---------- DATA
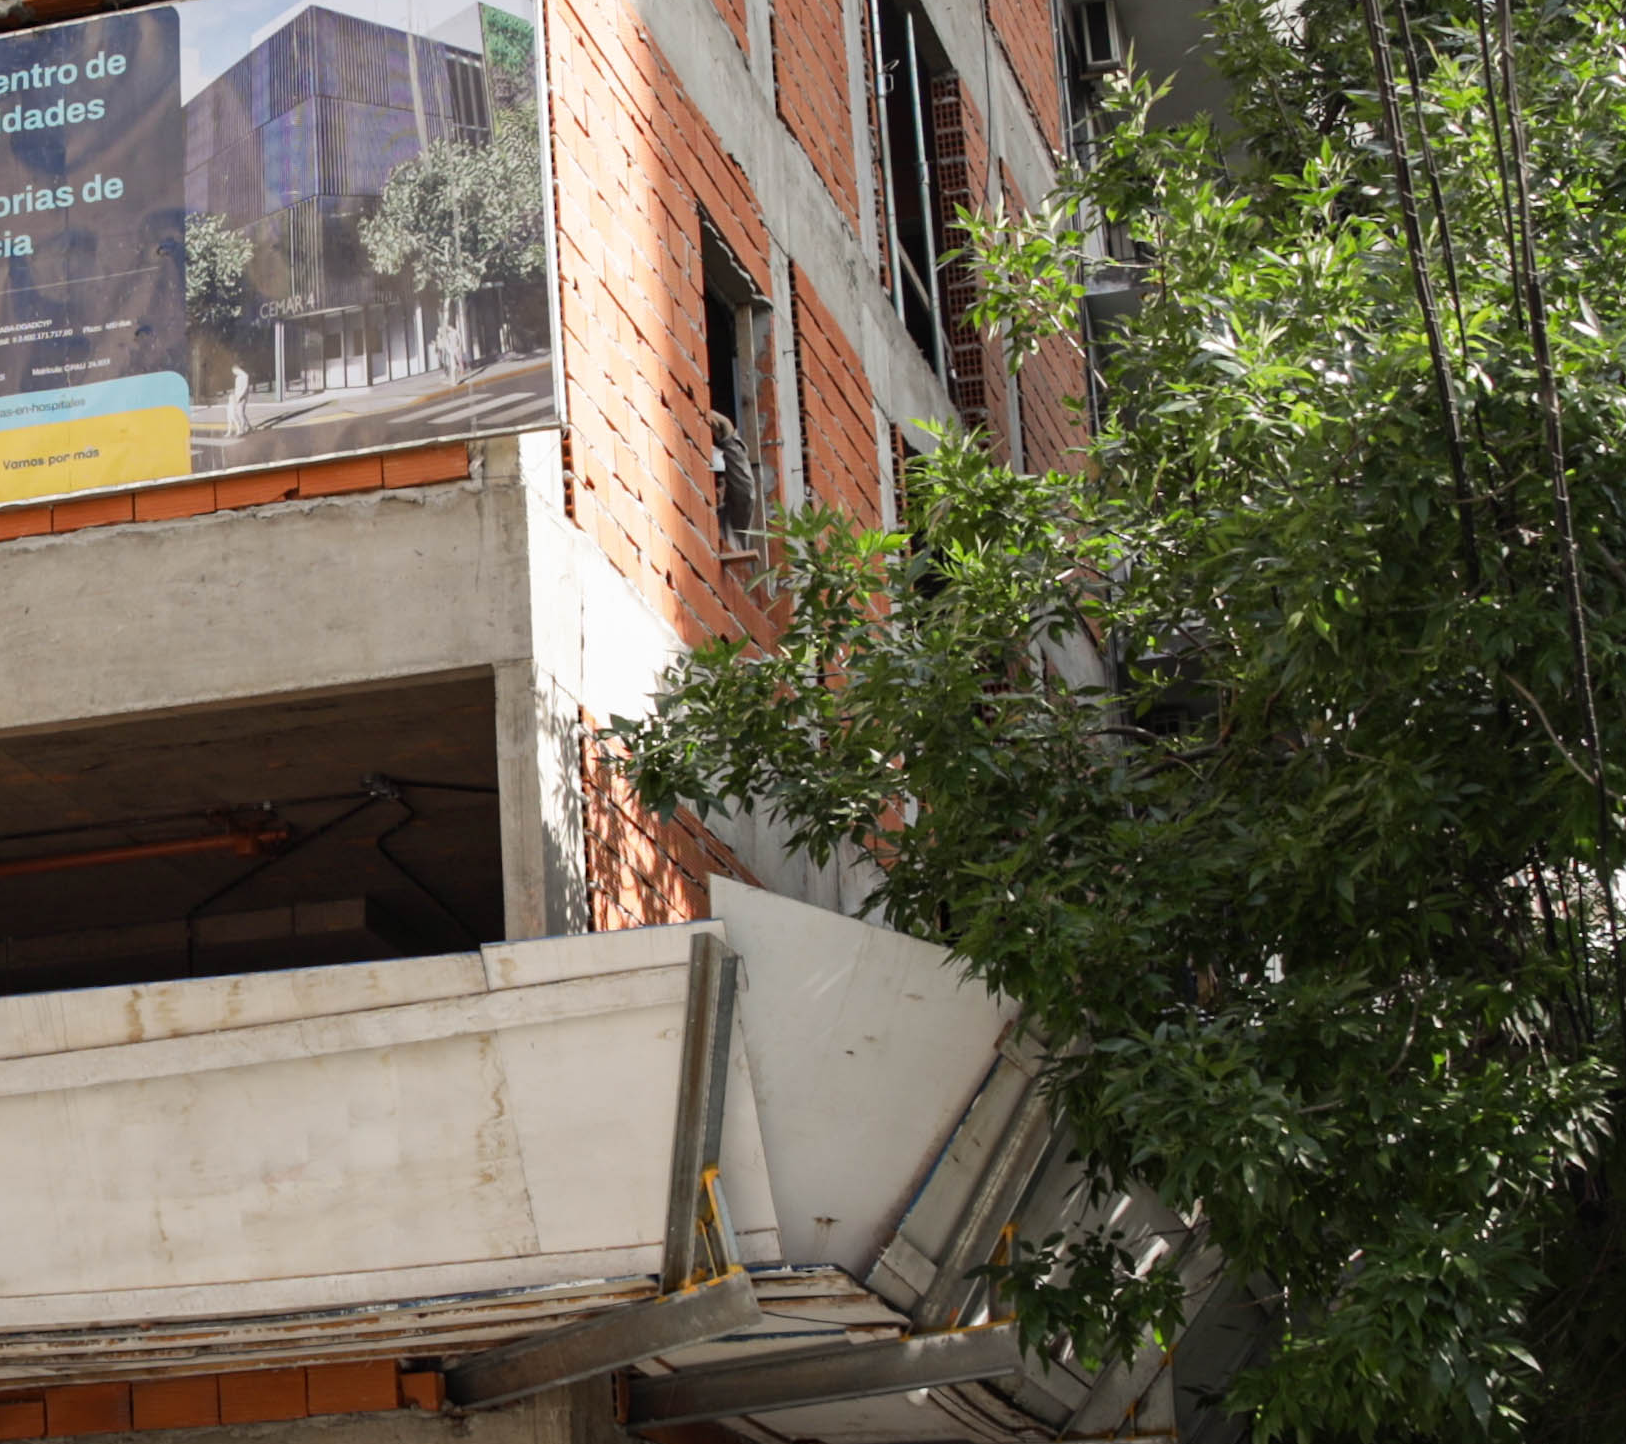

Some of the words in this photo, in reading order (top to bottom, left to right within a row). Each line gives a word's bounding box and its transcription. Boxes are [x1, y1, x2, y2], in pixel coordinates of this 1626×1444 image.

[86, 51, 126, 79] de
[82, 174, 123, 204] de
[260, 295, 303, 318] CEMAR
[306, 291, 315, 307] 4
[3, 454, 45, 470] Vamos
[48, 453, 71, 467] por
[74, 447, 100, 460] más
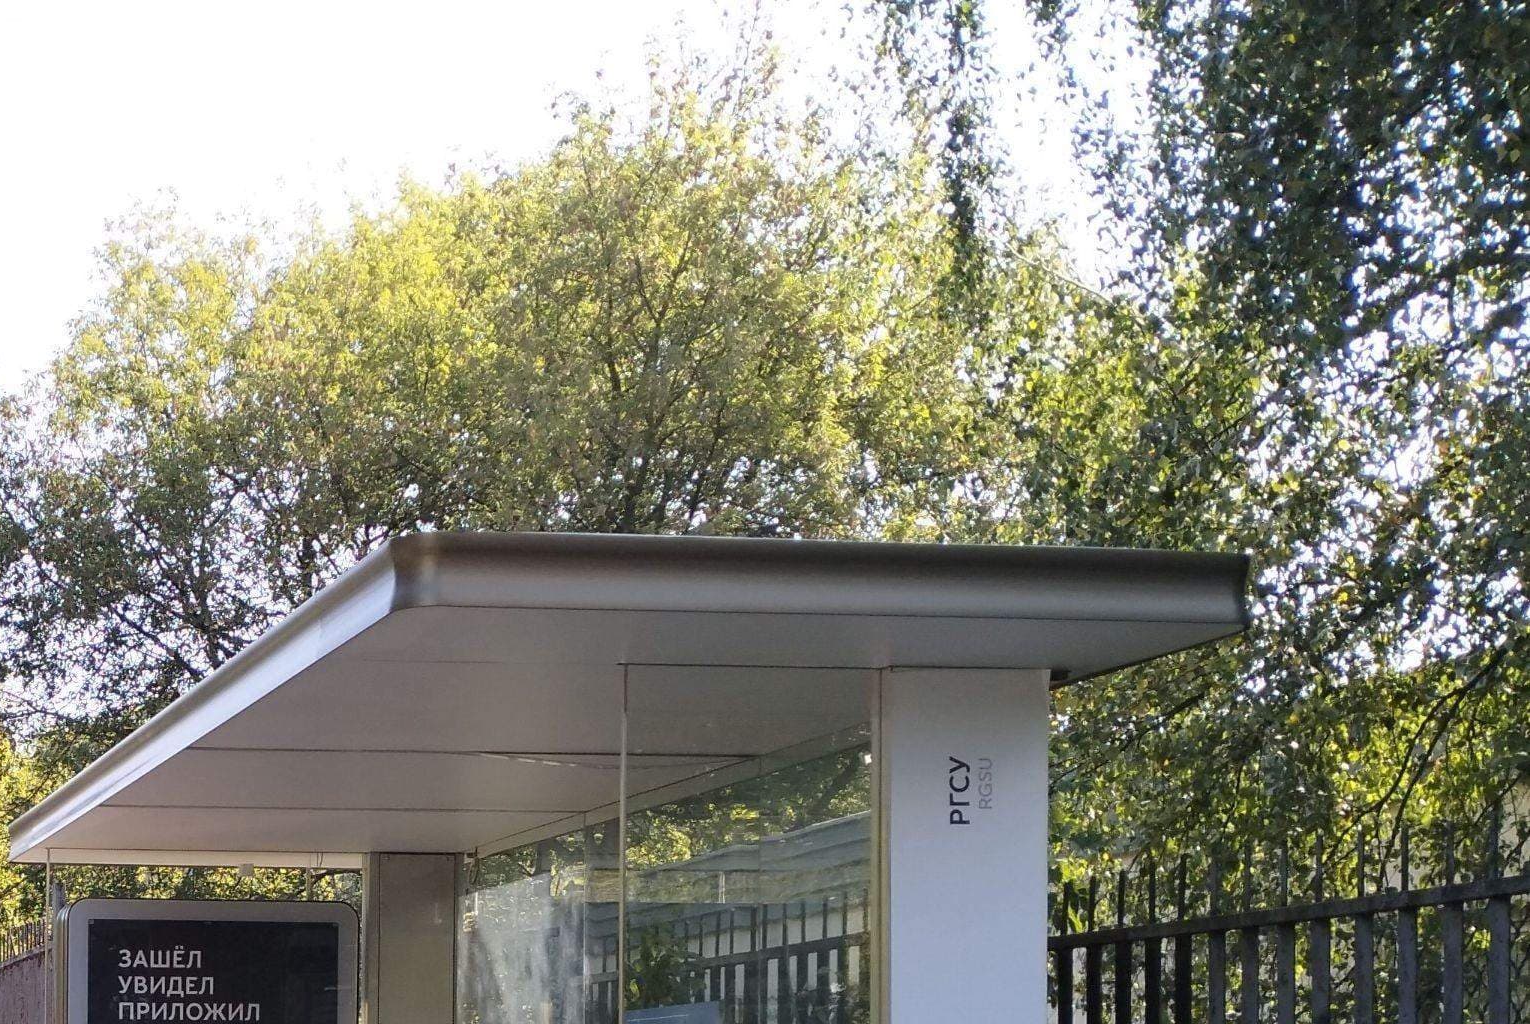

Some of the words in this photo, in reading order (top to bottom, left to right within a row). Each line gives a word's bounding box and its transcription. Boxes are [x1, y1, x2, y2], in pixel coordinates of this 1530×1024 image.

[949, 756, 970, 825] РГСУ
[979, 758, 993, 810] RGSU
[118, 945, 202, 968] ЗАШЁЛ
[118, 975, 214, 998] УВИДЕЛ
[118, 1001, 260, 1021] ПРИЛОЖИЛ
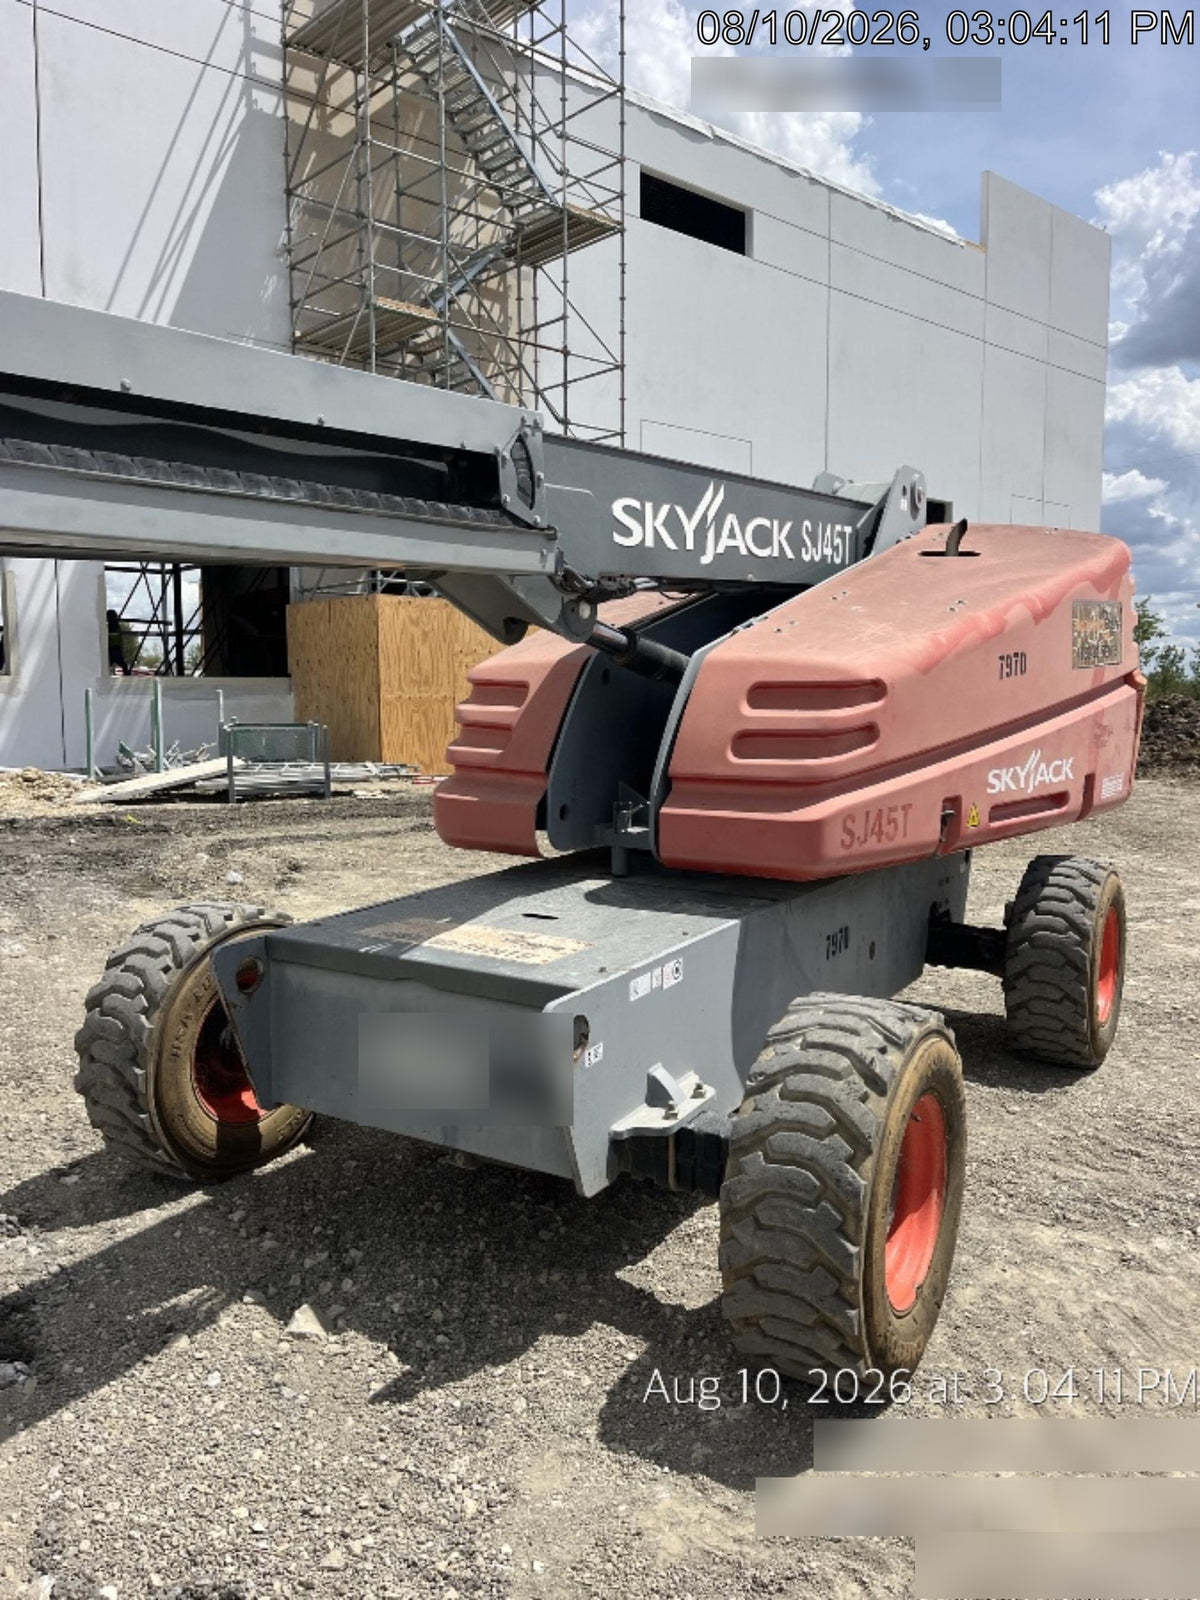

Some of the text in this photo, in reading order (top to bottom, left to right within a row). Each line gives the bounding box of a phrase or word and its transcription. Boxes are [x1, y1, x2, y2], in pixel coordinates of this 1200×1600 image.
--------------------
• WHAT YOU SHOULD DO
Without carrying over any picture, retype the records above word for word.

• WRITTEN RESPONSE
Some of the words in this photo, in reading order (top to bottom, left to right within a row). Each line gives a word's bounding box and its transcription. Boxes are [x1, y1, x2, y2], in pixel coordinates of this 1626×1444 image.

[86, 51, 126, 79] de
[82, 174, 123, 204] de
[260, 295, 303, 318] CEMAR
[306, 291, 315, 307] 4
[3, 454, 45, 470] Vamos
[48, 453, 71, 467] por
[74, 447, 100, 460] más

Some of the words in this photo, in reading order (top to bottom, left to right within a row). Each line gives a word's bounding box and its transcription. Boxes are [x1, y1, x2, y2], in pixel coordinates of this 1530×1024 image.

[949, 756, 970, 825] РГСУ
[979, 758, 993, 810] RGSU
[118, 945, 202, 968] ЗАШЁЛ
[118, 975, 214, 998] УВИДЕЛ
[118, 1001, 260, 1021] ПРИЛОЖИЛ

Some of the text in this photo, in reading order (top to bottom, left to right within a row). Each line gives the bounding box of a phrase or word and its transcription. Boxes are [x1, y1, x2, y2], in pixel coordinates of this 1200×1600 image.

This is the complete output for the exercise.